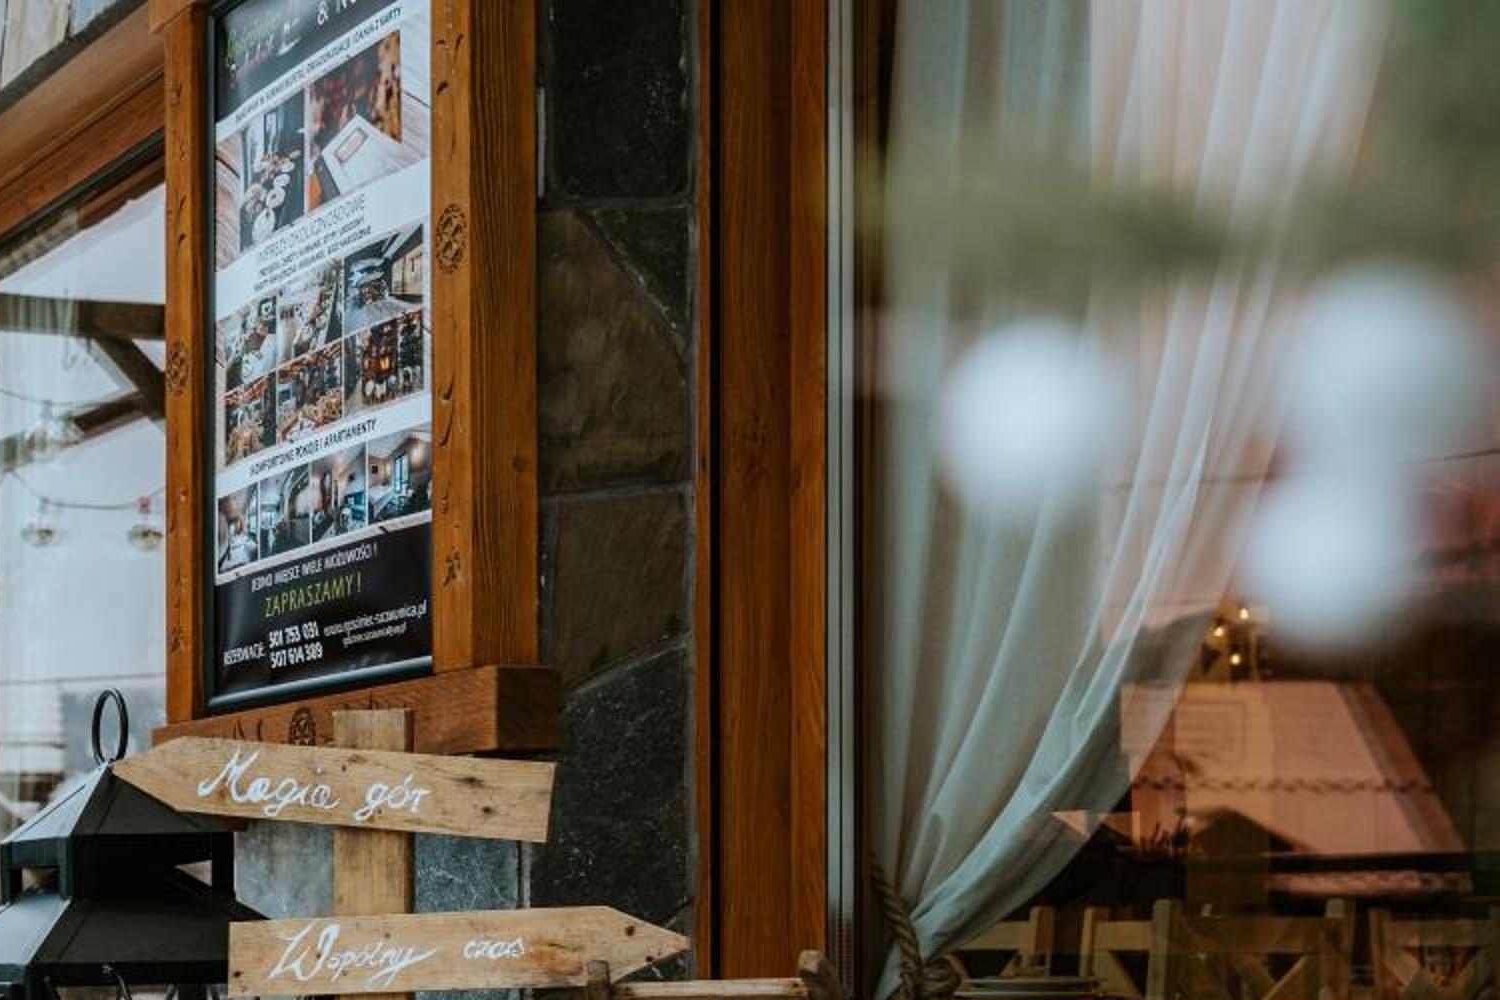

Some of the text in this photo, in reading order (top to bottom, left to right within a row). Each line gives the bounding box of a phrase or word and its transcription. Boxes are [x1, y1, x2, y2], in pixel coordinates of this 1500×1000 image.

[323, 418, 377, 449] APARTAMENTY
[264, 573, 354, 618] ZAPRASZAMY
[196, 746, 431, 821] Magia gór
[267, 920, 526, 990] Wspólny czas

# # # #

### ASSIGNMENT
Please write out the whole listing exactly, but not the pictures in it.

### REPLY
Some of the text in this photo, in reading order (top to bottom, left to right within a row). Each line gives the bounding box of a phrase or word and its transcription. Boxes are [x1, y1, x2, y2], in pixel coordinates of this 1500×1000 image.

[323, 418, 377, 449] APARTAMENTY
[264, 573, 354, 618] ZAPRASZAMY
[196, 746, 431, 821] Magia gór
[267, 920, 526, 990] Wspólny czas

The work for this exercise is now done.